江戸末期、猿島に台場が築造され、大砲が置かれた。以降、軍事拠点としての歴史を歩み始める。嘉永6年にはペリー艦隊が来航、東京湾内を測量し、猿島を「ペリーアイランド」と名付けたという。
「猿島オフィシャルガイドブック」(発行・株式会社トライアングル)などによれば、明治10年に横須賀港が海軍港に指定されると、猿島は旧海軍の管理下に置かれ東京湾防御の要衝となる。明治14年には旧陸軍に移管され、要塞として弾薬庫や兵舎、隧道(ずいどう、トンネル)などの軍事施設が建設された。
この時期の構造物は愛知県で焼かれたレンガが使用され、主にレンガの長手と小口を交互に積む「フランス積み」が採用された。明治20年代以降に主流となった「イギリス積み」が見られる場所もある。石垣の積み方も年代によって違うなど、歴史の変遷が凝縮されている。

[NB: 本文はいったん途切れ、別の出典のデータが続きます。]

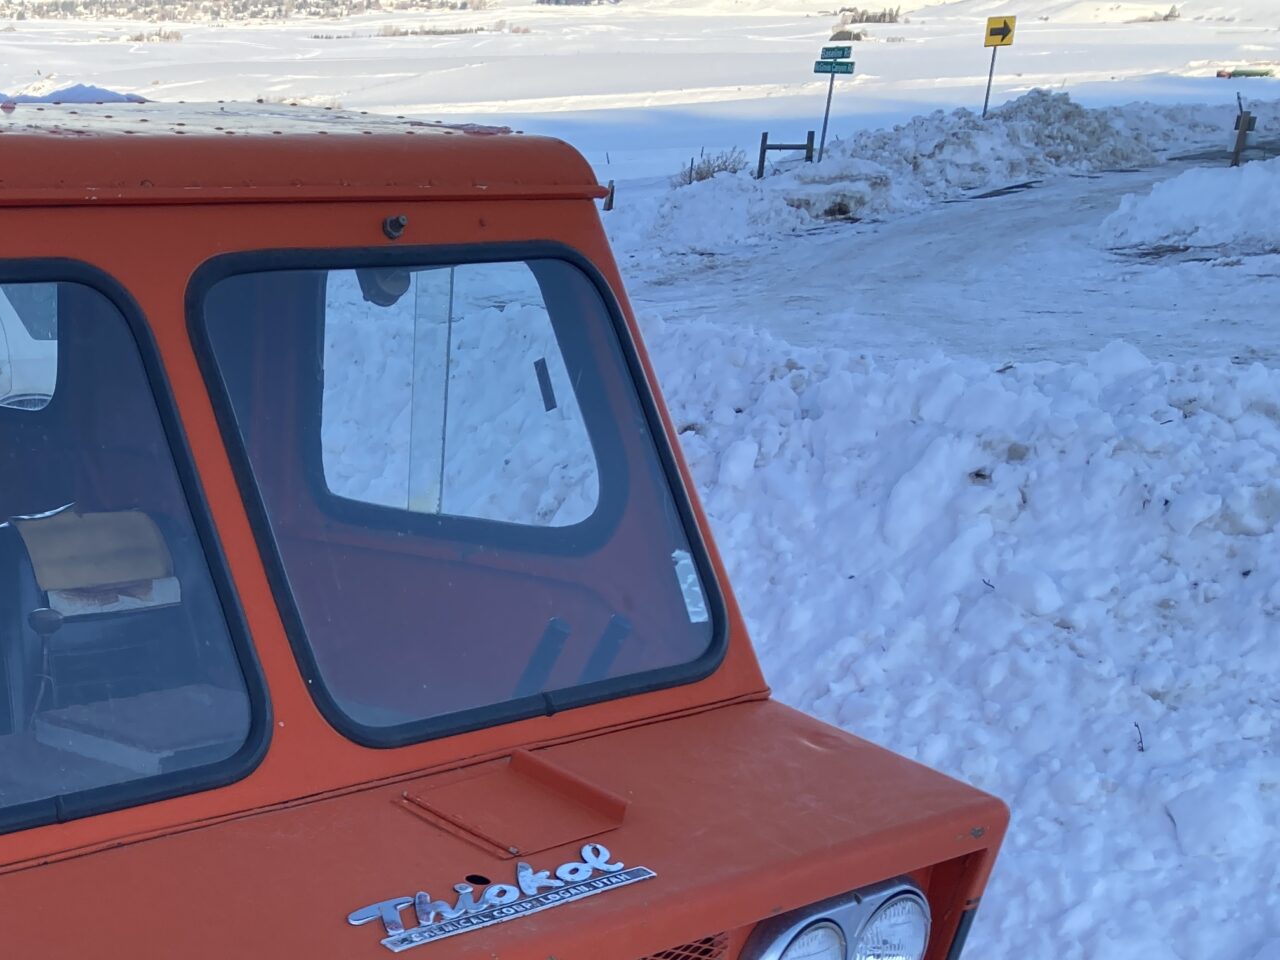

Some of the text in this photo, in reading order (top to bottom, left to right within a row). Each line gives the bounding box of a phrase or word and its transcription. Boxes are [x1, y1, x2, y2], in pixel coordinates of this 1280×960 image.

[348, 843, 624, 936] Thiokol
[411, 914, 490, 942] CHEMICAL
[591, 873, 631, 888] UTAH
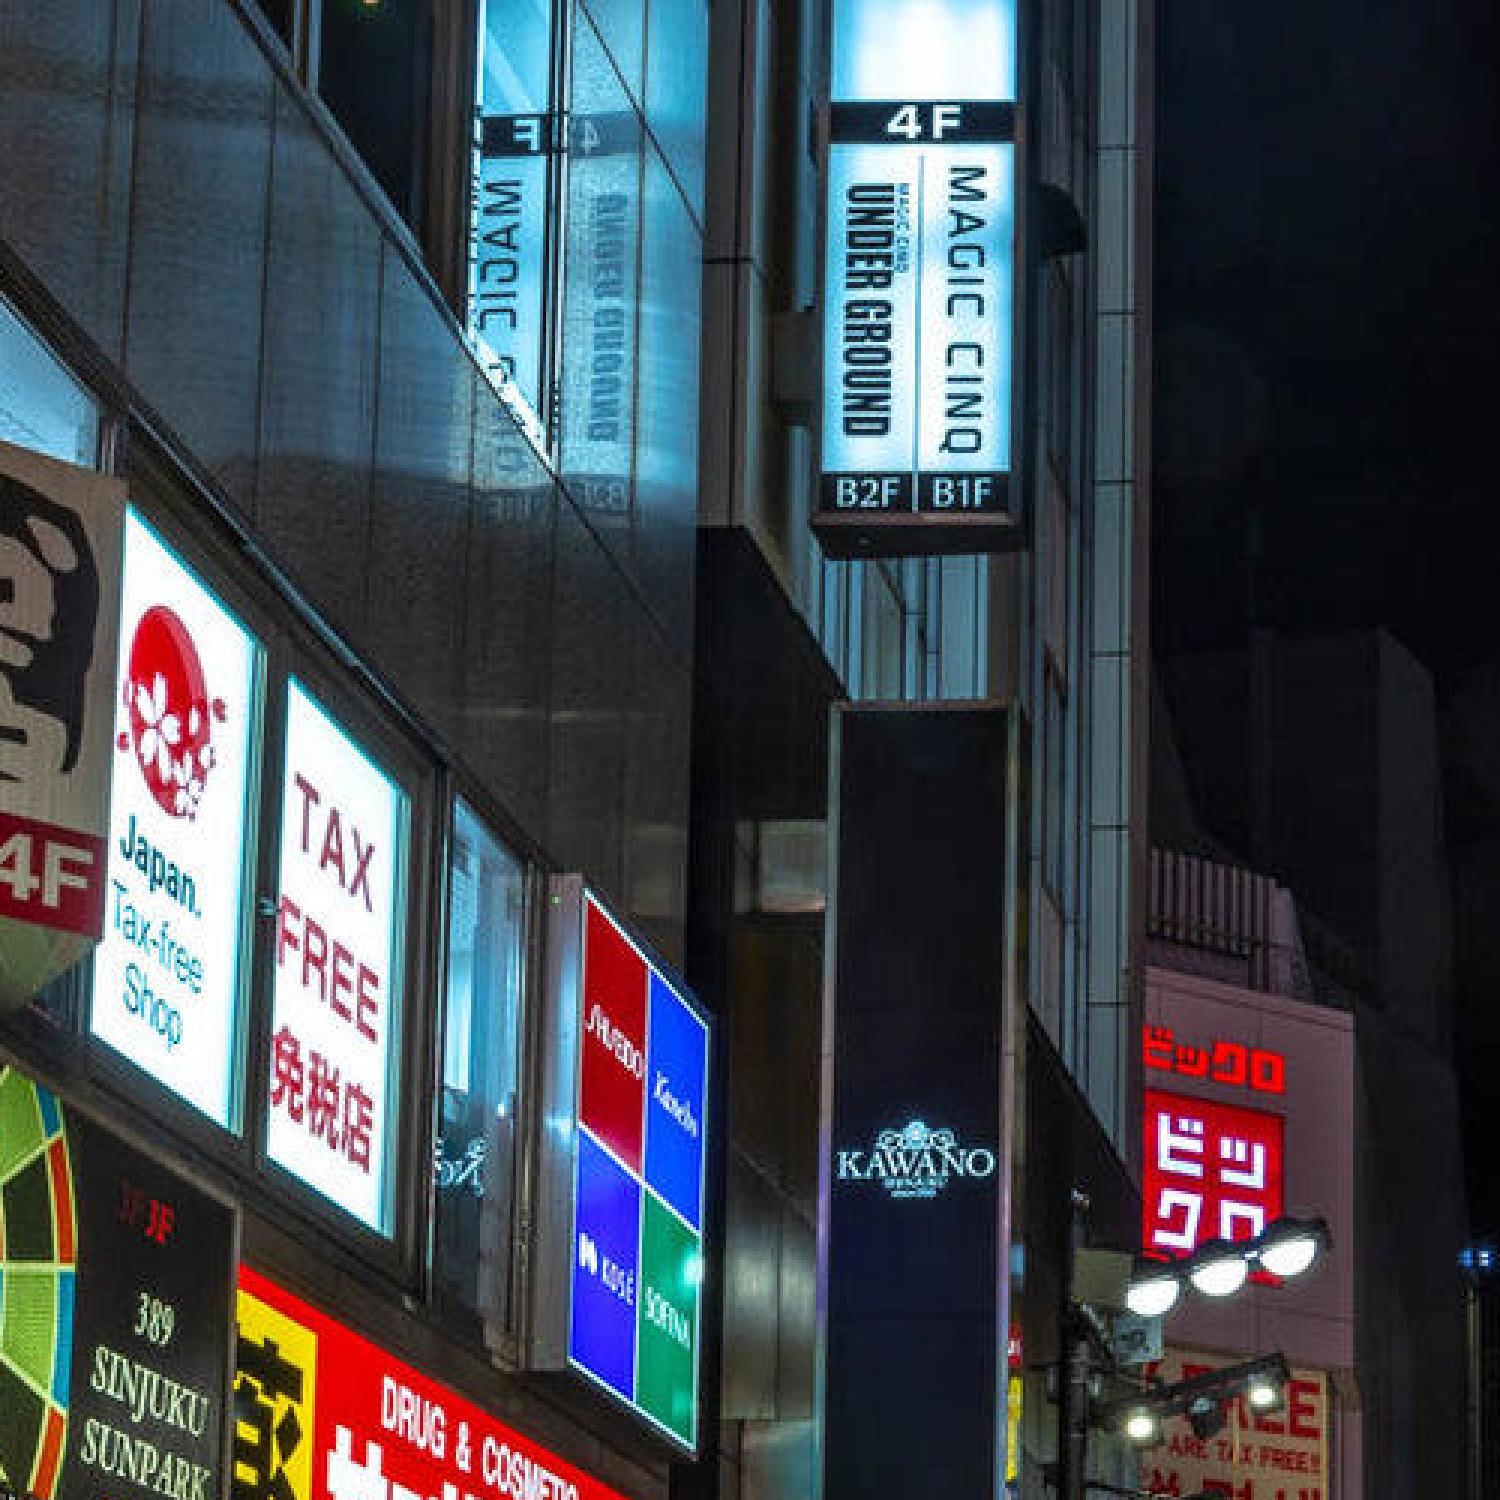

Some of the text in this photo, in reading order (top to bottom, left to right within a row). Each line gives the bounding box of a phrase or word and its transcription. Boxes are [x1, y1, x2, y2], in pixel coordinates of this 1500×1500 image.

[887, 104, 961, 139] 4F
[842, 182, 895, 438] UNDER GROUND
[939, 165, 988, 455] MAGIC CINQ
[835, 478, 900, 509] B2F
[931, 478, 992, 509] B1F
[0, 829, 93, 908] 4F
[294, 771, 375, 913] TAX
[111, 878, 204, 993] Tax-free
[278, 893, 379, 1044] FREE
[122, 962, 184, 1052] Shop
[272, 1024, 373, 1174] 免税店
[837, 1150, 995, 1179] KAWANO
[90, 1344, 209, 1438] SINJUKU
[381, 1375, 447, 1460] DRUG
[456, 1422, 472, 1474] &

先の大戦中には高角砲も配備された。戦後は連合国軍に接収され、その後米国から返還されて現在に至る。
猿島への船を運航するトライアングル社は、船の発着に合わせて島内ガイドツアーを開催(現在はコロナ禍で休止)。高度な建造技術や当時の兵士の生活などを知ることができる。
島を巡れば、鬱蒼(うっそう)と茂る木々のはざまに、苔むした石垣や赤色のレンガが印象的に映る。非日常的な景観に異国情緒を感じるが、1世紀を経て残された軍事遺構は、戦争を学べる貴重な語り部である。
昨年、トライアングル社は猿島を未来に残せる島にしようと、「つづくみんなの猿島プロジェクト」を発足させた。SDGs(持続可能な開発目標)の考えをもとに、「環境・観光・学び」の循環を目指す。同社営業企画部の水上比弥(ともや)さんは「これほど戦跡のすぐそばで〝遊べる〟島はない。自然の中で歴史も環境も学べる島にしていきたい」と語る。
かつての海上要塞は、新たな形で日本の未来を守る学び場として醸成されていくだろう。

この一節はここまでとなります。